5.2.8 Wildlife and Wildlife Habitat Applications submitted under LRIA will consider the impact of proposed work on wildlife and wildlife habitat. Lakes, rivers and wetland areas (including marshes, bogs, swamps and fens) often provide ecological habitat features that are important to wildlife. Significant wildlife habitat should be protected. Wildlife habitat can be divided into four broad categories:

1. Seasonal concentration areas; 2. Rare vegetation communities or specialize habitat for wildlife; 3. Habitats of species of conservation concern; and 4. Animal movement corridors.

Valuable riparian wildlife habitat should also be protected, and when appropriate, wildlife species considerations should be made for:

1. Semi-aquatic furbearers (e.g., beaver, otter, mink, muskrat, etc.); 2. Waterfowl (e.g., ducks, geese); 3. Waterbirds (e.g., great blue heron, black-crowned night-herons, great egrets,

etc.); and 4. Other wildlife species that frequent wetlands (e.g., moose).



Existing wildlife movement corridors (both along and across the waterbody) should be maintained to ensure that sufficient wildlife passage can still occur. A water crossing, or channelization should not be located on a lake or river on which a marsh, swamp, or bog exists in which significant wildlife habitat will be flooded, drained, or otherwise destroyed by construction and/or operation of the works unless impacts can be mitigated to the satisfaction of MNR. Significant unnatural fluctuations in water levels may negatively impact wetland obligate bird species, particularly species that nest on floating vegetation mats (e.g., loons, grebes, etc.). 5.2.9 Species at Risk Generally speaking, LRIA approval will not be granted for works that damage or destroy the habitat of, or kill or harm, an Endangered or Threatened species on the Species at Risk in Ontario list as designated by the Endangered Species Act, 2007 (ESA) The proposed location for a works and any area to be flooded should be checked to determine if habitat for Endangered or Threatened species may be damaged or destroyed by the construction or flooding and, if so, brought to the attention of the appropriate authority for assessment.
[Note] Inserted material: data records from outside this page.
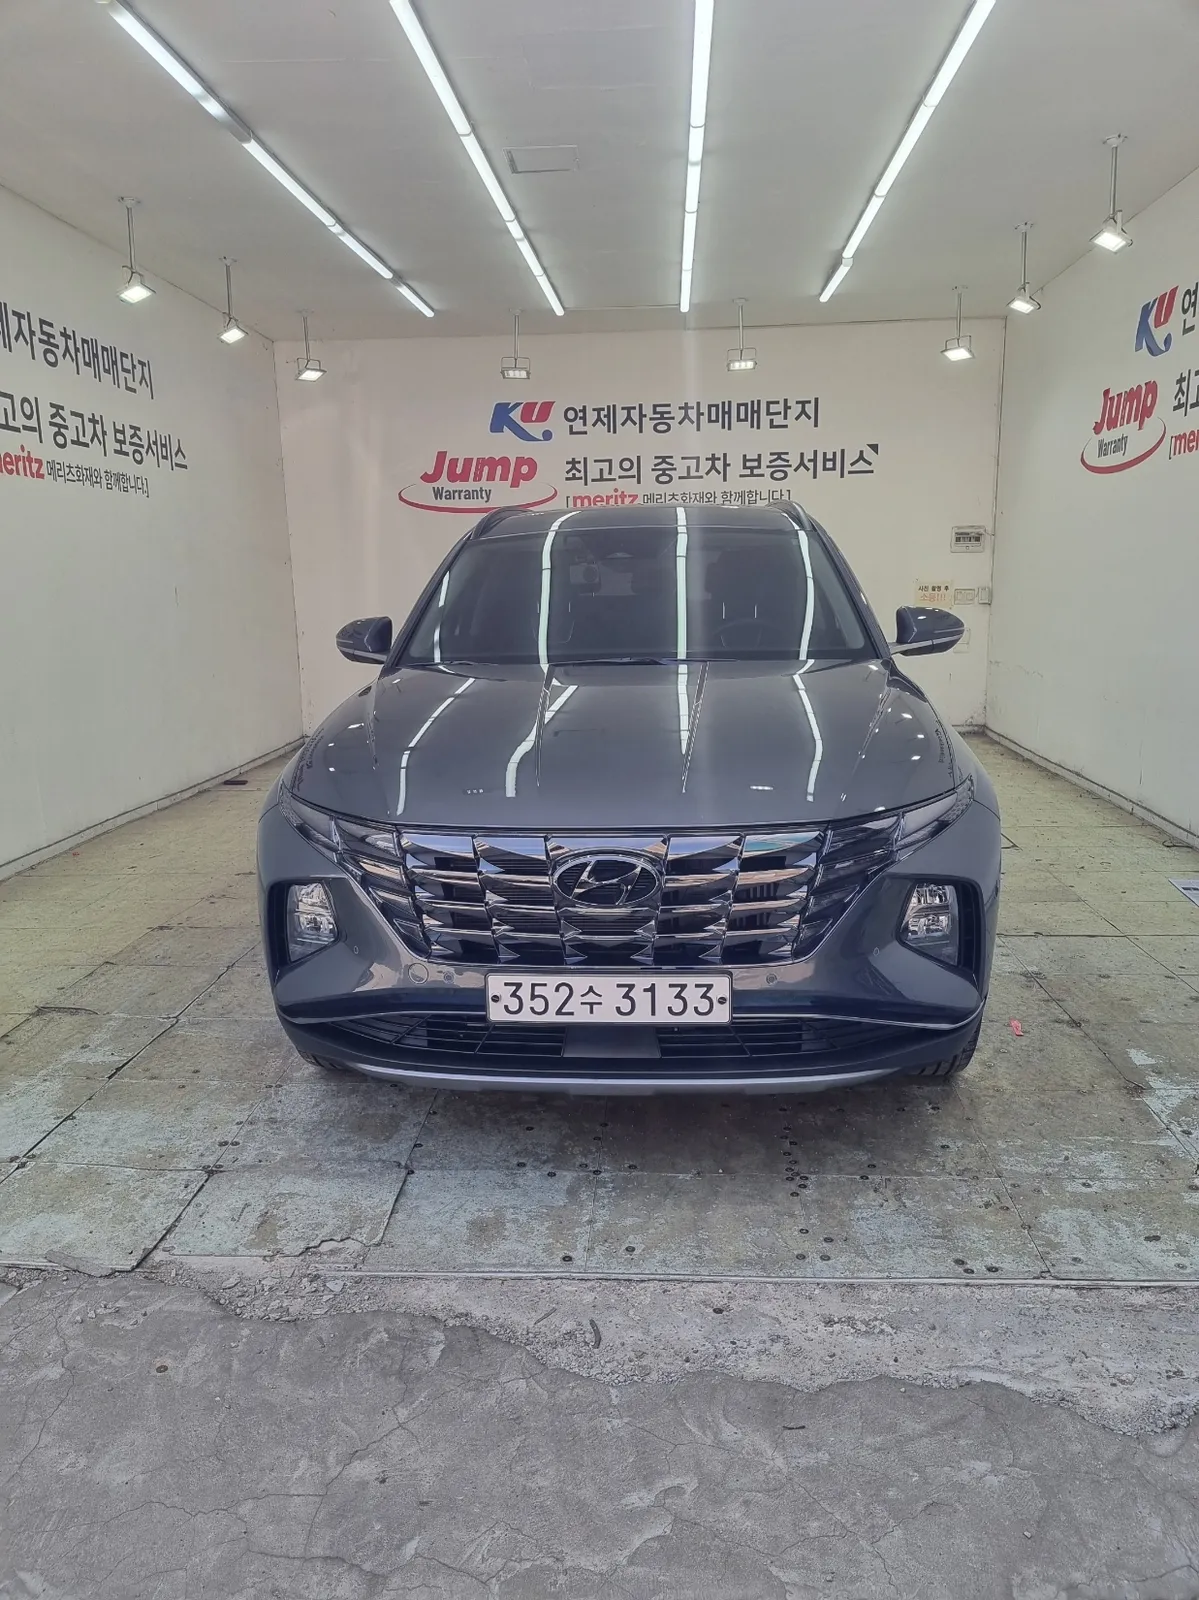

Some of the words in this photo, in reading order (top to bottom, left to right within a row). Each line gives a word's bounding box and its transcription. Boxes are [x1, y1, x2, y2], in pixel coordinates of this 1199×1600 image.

[563, 397, 819, 435] 연제자동차매매단지
[1092, 379, 1158, 435] Jump
[48, 402, 108, 457] 중고차
[112, 421, 188, 471] 보증서비스
[1097, 433, 1129, 459] Warranty
[0, 444, 45, 480] eritz
[46, 459, 102, 489] 메리츠화재와
[420, 451, 537, 488] Jump
[565, 455, 642, 486] 최고의
[651, 452, 731, 485] 중고차
[739, 448, 874, 481] 보증서비스
[432, 486, 492, 503] Warranty
[503, 982, 603, 1016] 352수
[615, 983, 714, 1016] 3133
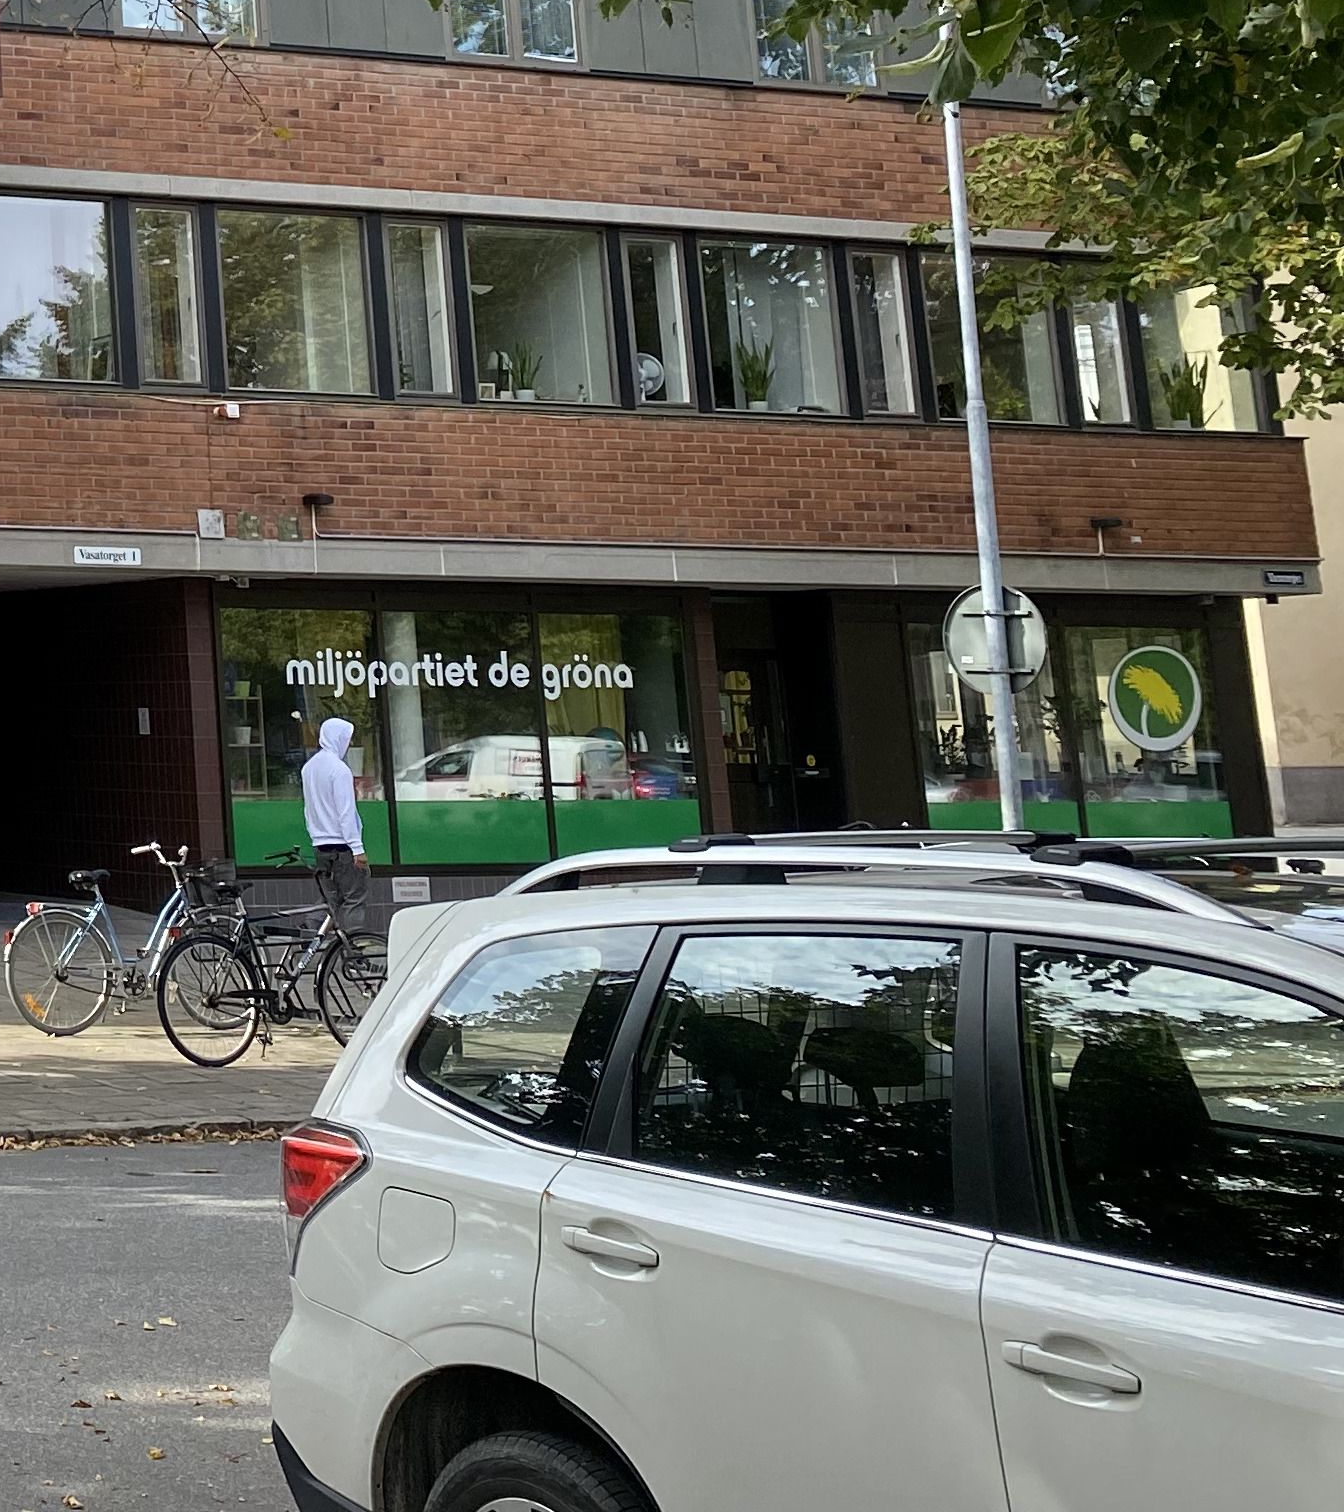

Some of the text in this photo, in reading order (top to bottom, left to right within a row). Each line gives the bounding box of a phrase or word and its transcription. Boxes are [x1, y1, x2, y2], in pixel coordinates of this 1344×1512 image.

[78, 548, 136, 563] Vasatorget 1
[285, 648, 635, 701] miljöpartiet de gröna
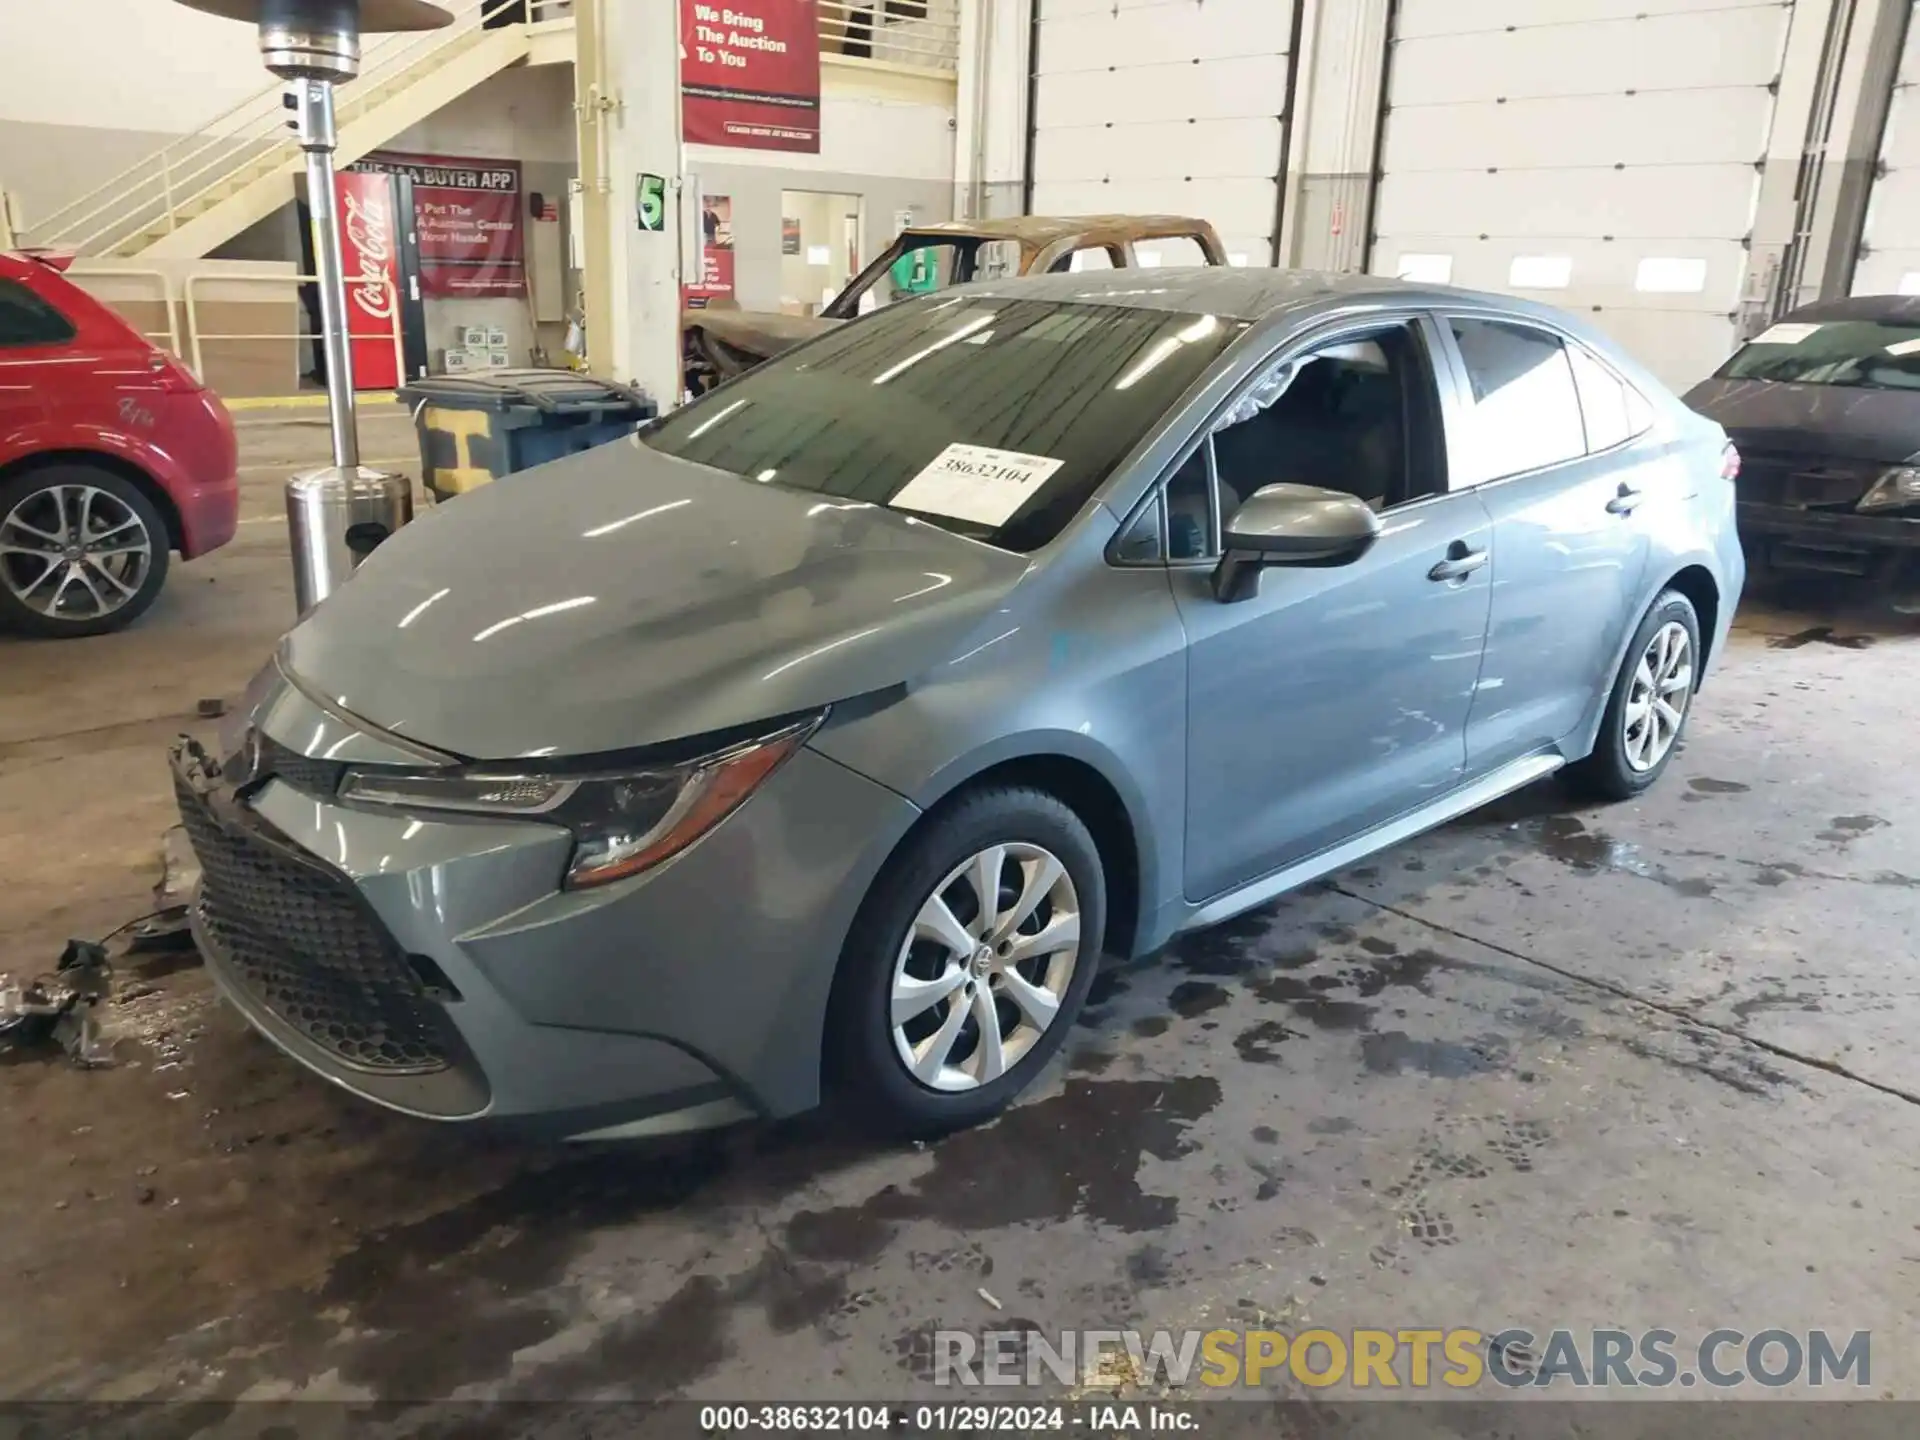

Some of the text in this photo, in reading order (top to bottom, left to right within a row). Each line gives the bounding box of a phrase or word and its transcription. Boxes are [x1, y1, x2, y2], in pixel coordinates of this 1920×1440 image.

[695, 4, 764, 32] We Bring
[696, 25, 786, 53] The Auction
[696, 46, 747, 67] To You
[424, 168, 476, 188] BUYER
[480, 171, 511, 189] APP
[424, 203, 447, 215] Put
[450, 204, 473, 216] The
[477, 218, 514, 231] Center
[421, 231, 448, 242] Your
[942, 457, 1033, 484] 38632104
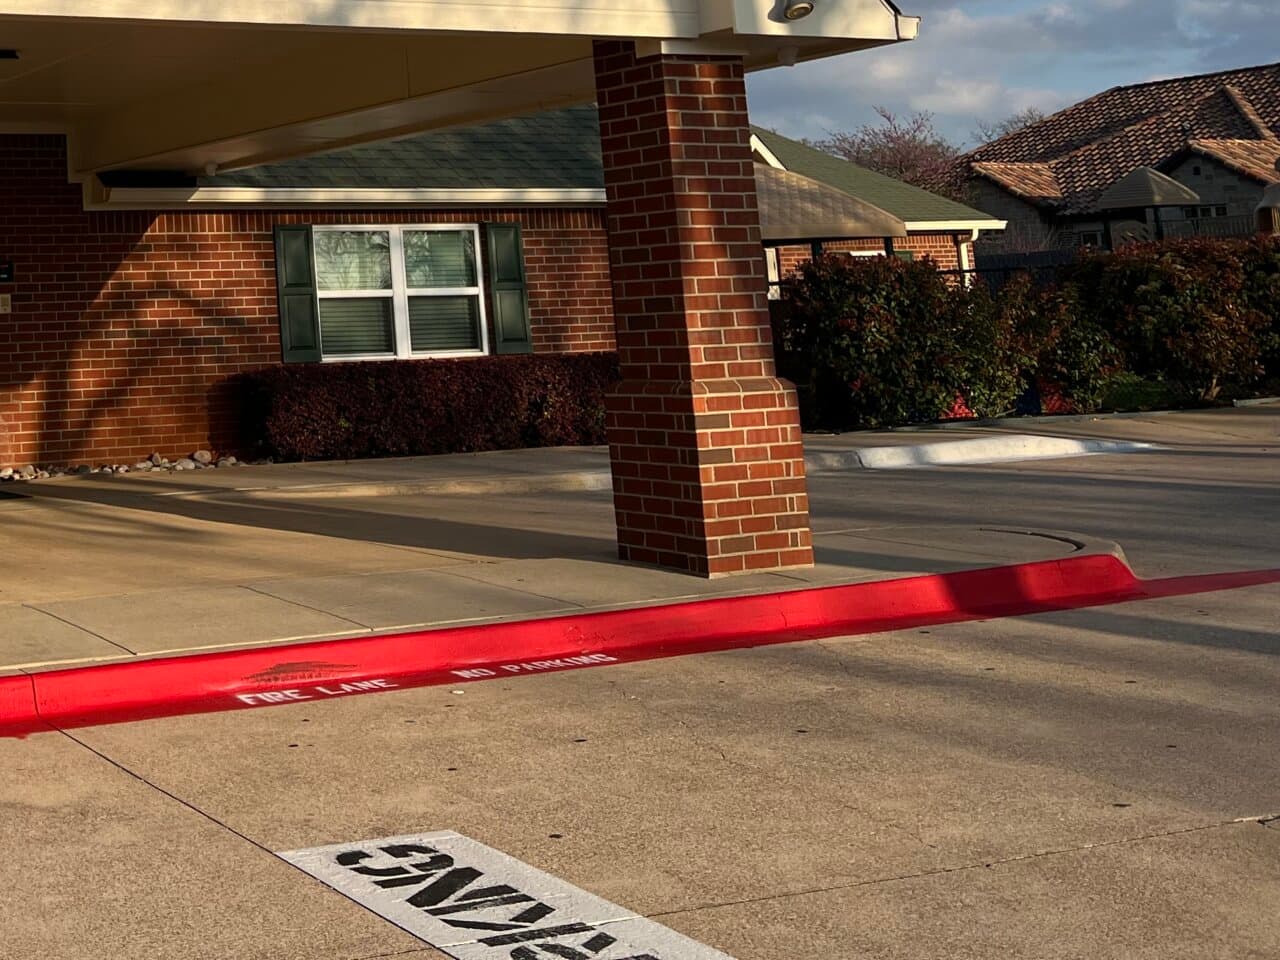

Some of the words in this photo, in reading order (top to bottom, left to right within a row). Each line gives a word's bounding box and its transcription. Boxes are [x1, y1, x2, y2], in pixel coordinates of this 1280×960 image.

[236, 689, 312, 705] FIRE
[314, 679, 399, 696] LANE
[450, 668, 496, 679] NO
[500, 653, 618, 673] PARKING
The Endangered Species Act, 2007 makes it an offense to kill or harm, or to damage or destroy the habitat of, an Endangered or Threatened species unless authorized under the ESA. The Federal Species at Risk Act (SARA) contains a List of Wildlife Species at Risk. The habitat of these species must also be included in the above assessment. 5.2.10 Wetlands Applications submitted under the LRIA will consider the impact of proposed work on provincially significant wetlands (PSW). Wetlands on lakes, rivers and in riparian areas provide important ecological, hydrological and socio-economic values. PSW’s should be protected. Please refer to the “Wildlife and Wildlife Habitat” and “Species-at-Risk” sections for additional information on these values. A water crossing, dam or channelization should not be located on a lake or river on which a PSW will be flooded, drained, or otherwise destroyed by construction and/or operation of the works unless it has been demonstrated that there are no negative impacts on the natural features or ecological functions which make the wetland provincially significant. In particular, work is to be timed and carried out such that there are no negative impacts on wetland hydroperiod.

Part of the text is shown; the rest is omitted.